Each hospital CEO must determine which departments should logically report to each senior executive. Historically, the vice president for medical affairs or chief medical officer was hired to address the medical staff and its governance, continuing medical education and quality improvement. But there is another department head that should report to the senior physician executive of a hospital: the hospital pharmacy director.

 

Pharmacy

Medication administration is one of the most important functions of a hospital. Safe, effective and timely administration of medications requires coordination of multiple hospital staff departments, integration of electronic medical records, implementation of pharmacy automation, and monitoring and managing drug costs.

The triad of professionals responsible for the selection and delivery of medications consists of the physician, nurse and pharmacist. These highly educated professionals each contributes critical expertise to medication delivery. The integration of the physician/nurse/pharmacist triad is the secret to safe medication delivery.

Those three professionals each work in domains with unique challenges and cultures. Thus, when they bring to bear their particular skills and tools, they optimize the patient's outcome.

Value of the Physician Executive

The physician is an expert in selecting the medication needed to treat a given patient. The nurse is the expert in safely administering the medication and monitoring the patient for intended benefits and adverse effects. The pharmacist is the expert at monitoring the process, delivering the medication to the bedside and providing needed support and advice, especially when polypharmacy is involved.

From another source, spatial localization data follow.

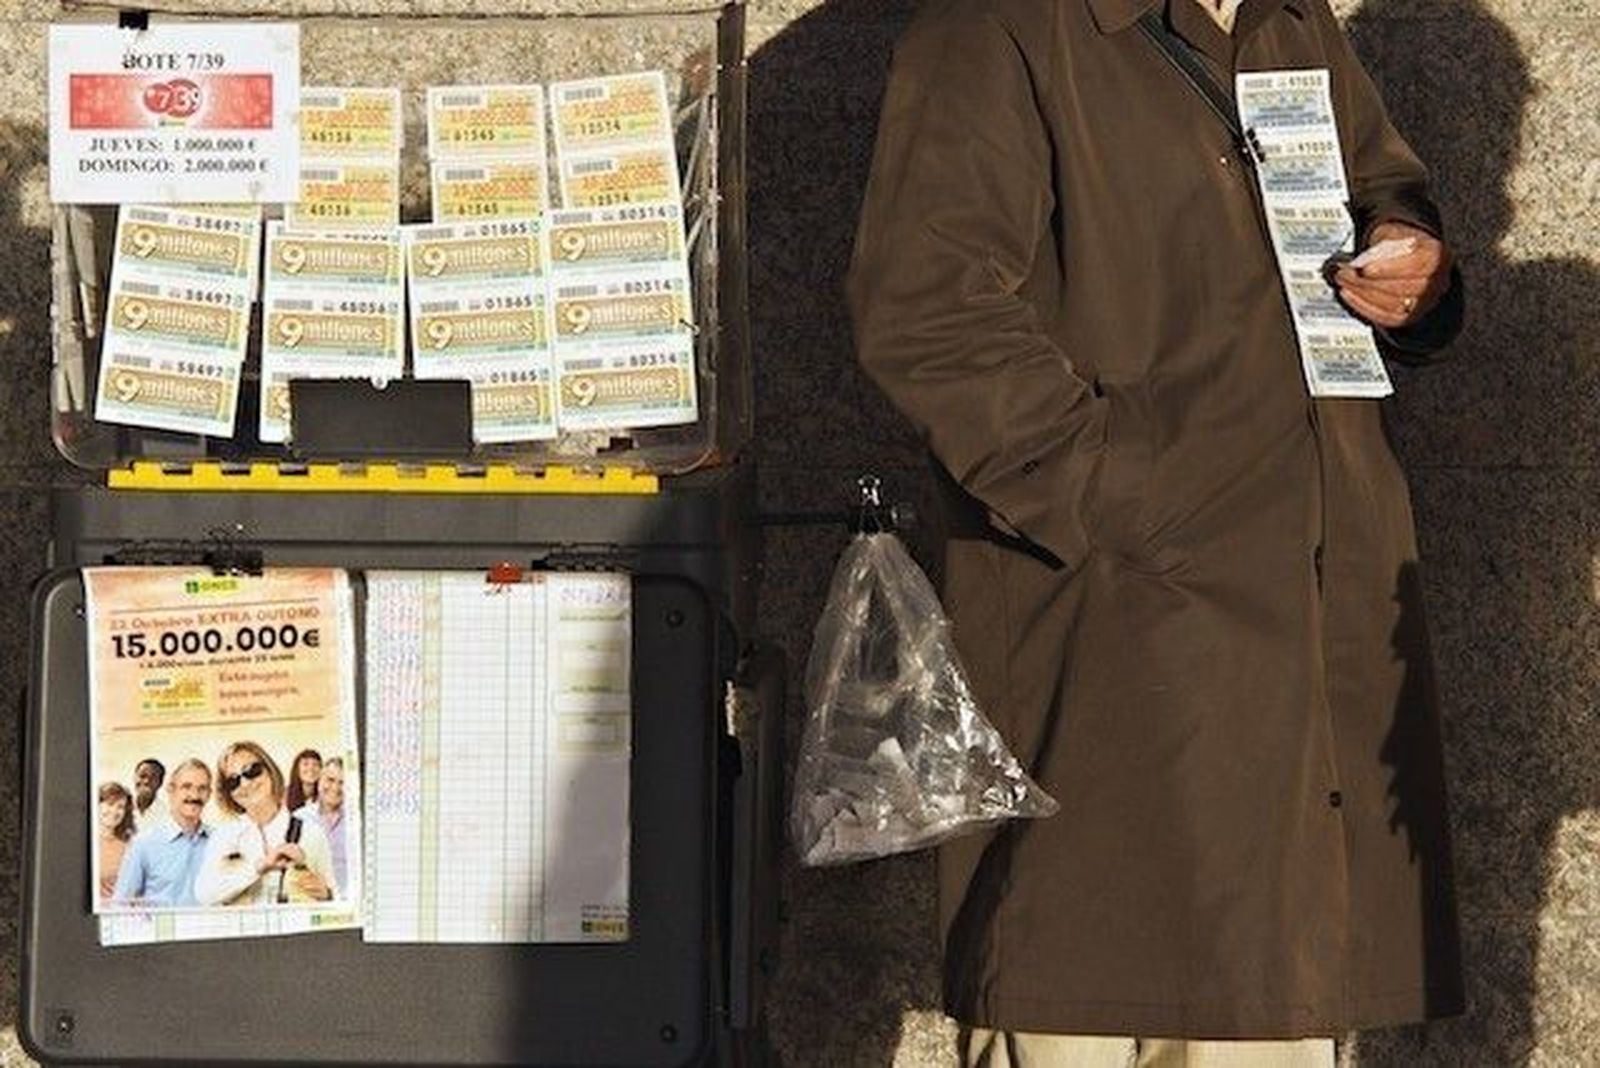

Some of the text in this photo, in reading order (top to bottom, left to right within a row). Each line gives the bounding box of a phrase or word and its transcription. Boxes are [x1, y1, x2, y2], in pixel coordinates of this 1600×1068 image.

[122, 53, 225, 69] BOTE 7/39
[89, 138, 163, 151] JUEVES:
[174, 138, 244, 151] 1.000.000
[79, 158, 175, 173] DOMINGO:
[185, 158, 256, 173] 2.000.000
[198, 612, 251, 627] EXTRA

The Physician Executive is in the best position to understand the process and facilitate coordination of the stakeholders. Some of the critical aspects that must be led are:

  • Developing guidelines and protocols that drive medication selection.
  • Facilitating discussions needed to create a formulary that is appropriate, yet manageable in size, cost and complexity.
  • Mediating between physicians and pharmacists when constraints are placed on the use of high cost medications.
  • Advising about which functions can be delegated to technicians and which require direct doctorate-level pharmacists.
  • Promoting the collaboration between the pharmacy and quality improvement departments.
  • Balancing the costs and benefits of new pharmacy-led initiatives such as:
    • Deployment of clinical pharmacists to the emergency department and other units such as intensive care;
    • Diabetes management services to adjust insulin doses for inpatients; and
    • Anticoagulation clinics to adjust warfarin dosing.

Practical Considerations

How can the VPMA or CMO best help the pharmacy to deliver on its mission? Here are a few suggestions to consider.

  1. Promote a culture of accountability, teamwork and safety within the department. This will require the selection and nurturing of a very skilled pharmacy director.
  2. Lead your physician and nursing colleagues by example. Commit time and resources to measuring outcomes, participating in teams, and presenting pharmacy concerns to medical staff and executive leadership.
  3. Remain current with important medication safety issues by monitoring publications from:

One-on-Ones

Finally, as with all of your direct reports, you will meet with your pharmacy director on a weekly or biweekly basis. During those meetings, the following topics should be addressed (not necessarily at every meeting):

  1. Review of goals for the year. Are milestones being met? How can you facilitate them?
  2. Review staffing. Is the pharmacy fully staffed? Are there open positions? How are those being addressed?
  3. Budget updates. How are expenses running compared to budget, especially staffing and drug costs?
  4. Medication safety reporting. What are the number and nature of medication errors for the past reporting period? Were they preventable?
  5. Formulary requests. Are any pending? Review the agenda for the next Pharmacy and Therapeutics meeting. Do physicians need to be contacted prior to the next meeting?
  6. Summary of cost reductions resulting from clinical pharmacy interventions.
  7. Director’s performance review (at least quarterly).

Conclusion

The physician executive can have a positive impact on patient care. This will be achieved by enabling the pharmacists to fully apply their expertise and by promoting the physician/nurse/pharmacist triad.

Next Steps

If you are a VPMA or CMO and do not currently oversee the pharmacy functions, become more involved in the department.

  • Attend P and T Committee meetings.
  • Support the efforts of the Pharmacy Department to engage physicians.
  • Promote new clinical pharmacy initiatives that will enhance medication safety.